A child with developmental delays such as Down syndrome might also have increased joint laxity, especially in the neck.  For added protection this will require them to remain in a rear facing car seat for as long as possible and stay in a 5 point harness until the highest weight limit. For children who are impulsive or cannot follow safety instructions, they may require a 5 point harness or safety vest while riding in a vehicle until they can sit safely using a seat belt.

Emergencies & Disaster Safety

  • Contact your fire department to notify them your child has special needs.

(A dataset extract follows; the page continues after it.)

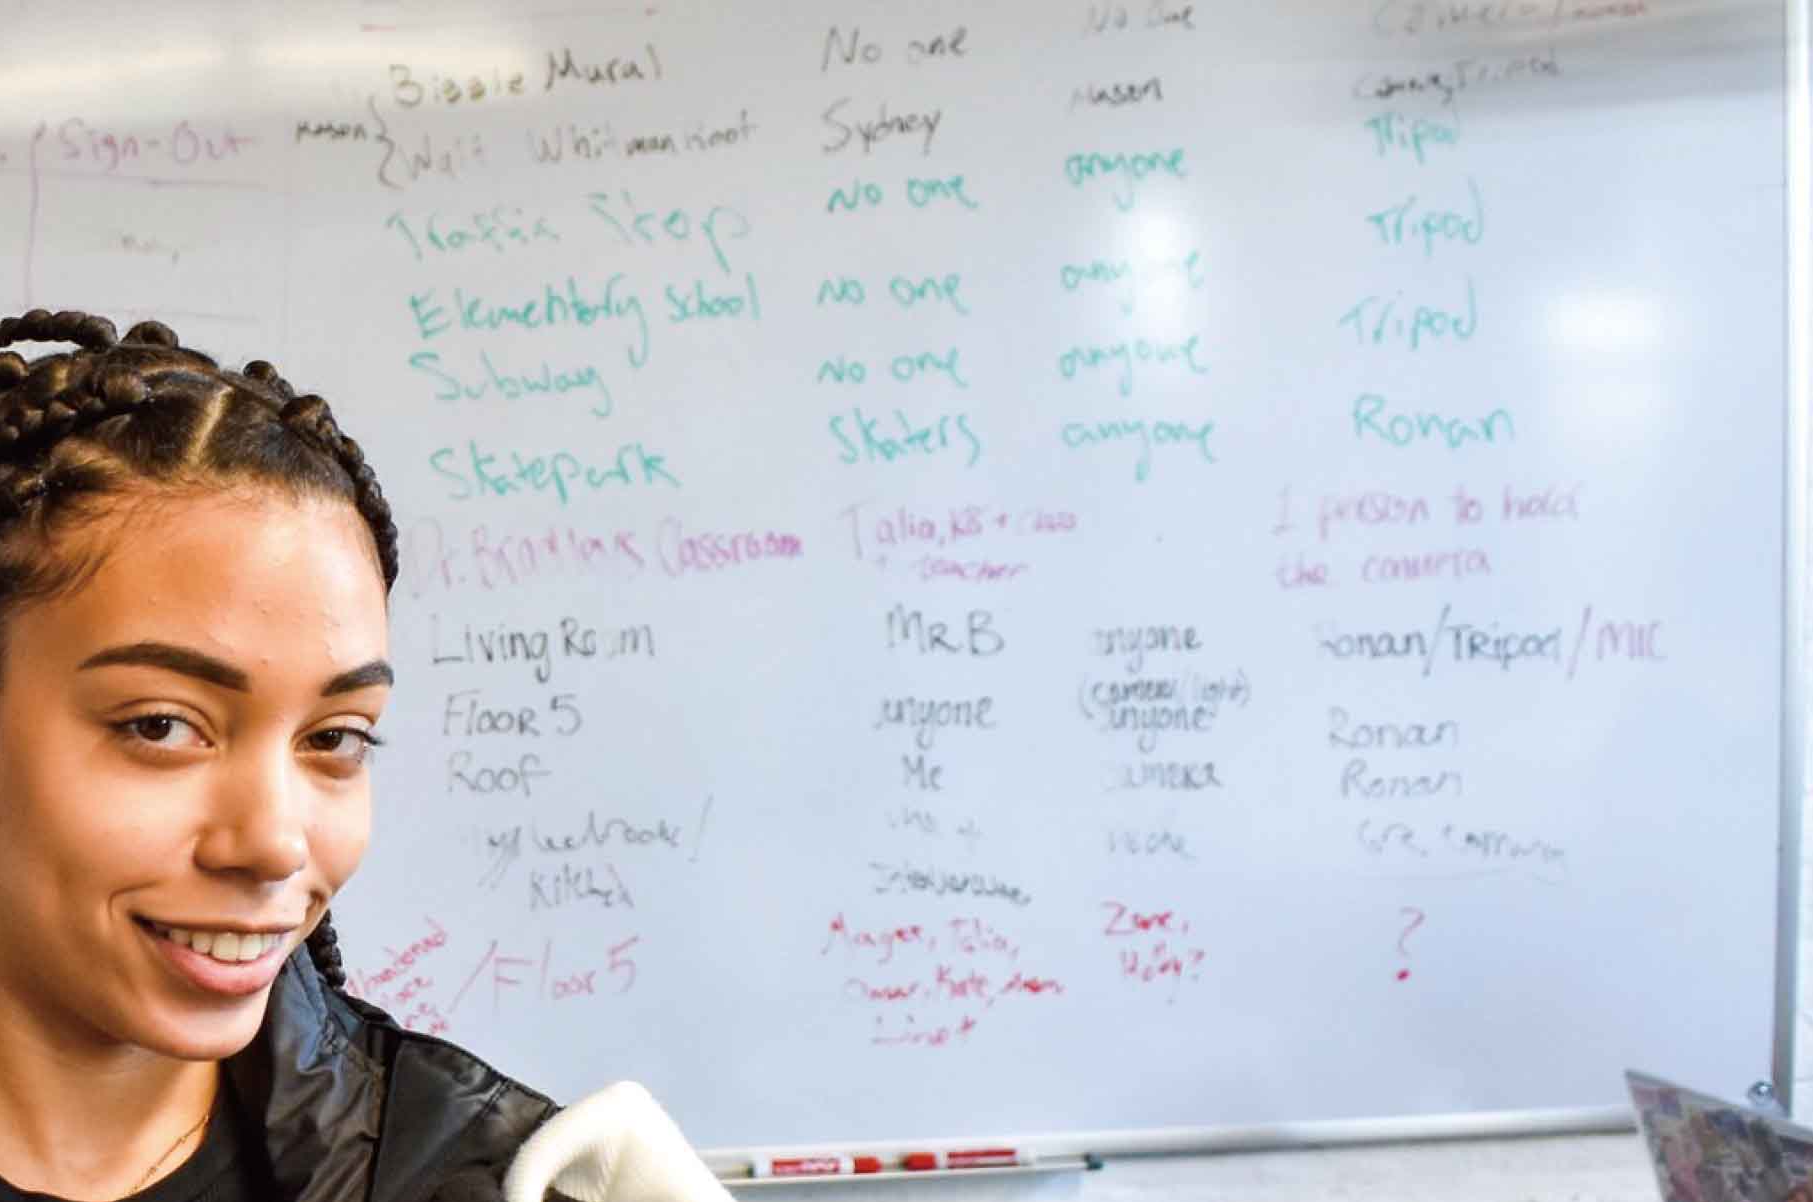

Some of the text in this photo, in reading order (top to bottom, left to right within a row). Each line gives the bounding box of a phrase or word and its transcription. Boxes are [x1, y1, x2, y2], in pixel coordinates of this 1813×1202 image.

  • Consider a medical alert device for your child; such as a Medic Alert bracelet.
  • Create a bag with flash lights, emergency numbers, communication device, extra batteries, first aid items, water, food and backup prescription medications.
  • Create and practice an escape plan for your family including techniques that include feeling along the wall to get to safety.
  • Practice fire safety messages in sign language.
  • For children that cannot communicate verbally keep a whistle or alarm near your child’s bed to alert others to danger.
  • If clothes do catch fire, “Stop, Drop, Roll” by dropping immediately to the ground. Ensure children are familiar with this tip.
  • Consider a buddy system
  • Complete an Emergency Information Form for each family member with special needs.